--- THE RECORDS ---
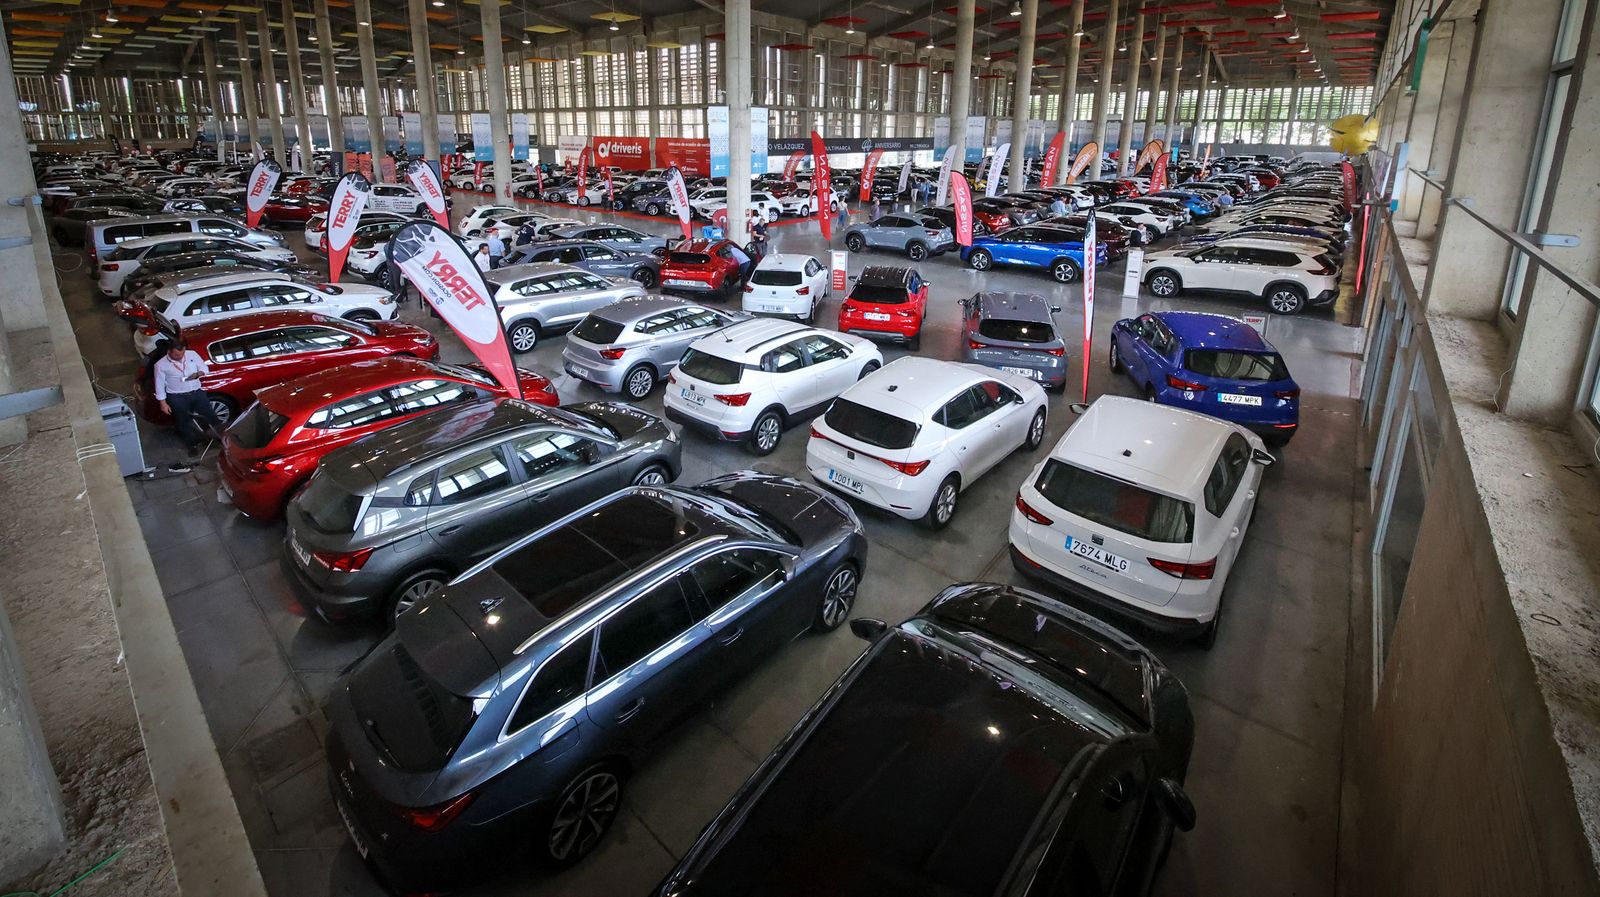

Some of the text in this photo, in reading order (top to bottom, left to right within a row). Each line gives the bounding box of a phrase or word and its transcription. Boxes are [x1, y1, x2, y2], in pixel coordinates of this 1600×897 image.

[611, 141, 642, 154] driveris
[1041, 146, 1056, 189] NISSAN
[250, 171, 270, 198] TERRY
[332, 190, 356, 229] TERRY
[1223, 395, 1243, 403] 4477
[834, 472, 864, 492] 1001 MPL
[1073, 540, 1127, 570] 7674 MLG

--- ACTIVITY ---
Transcribe the full listing exactly, but keep every image out of it.

--- ANSWER ---
Some of the text in this photo, in reading order (top to bottom, left to right within a row). Each line gives the bounding box of a phrase or word and its transcription. Boxes are [x1, y1, x2, y2], in pixel coordinates of this 1600×897 image.

[611, 141, 642, 154] driveris
[1041, 146, 1056, 189] NISSAN
[250, 171, 270, 198] TERRY
[332, 190, 356, 229] TERRY
[1223, 395, 1243, 403] 4477
[834, 472, 864, 492] 1001 MPL
[1073, 540, 1127, 570] 7674 MLG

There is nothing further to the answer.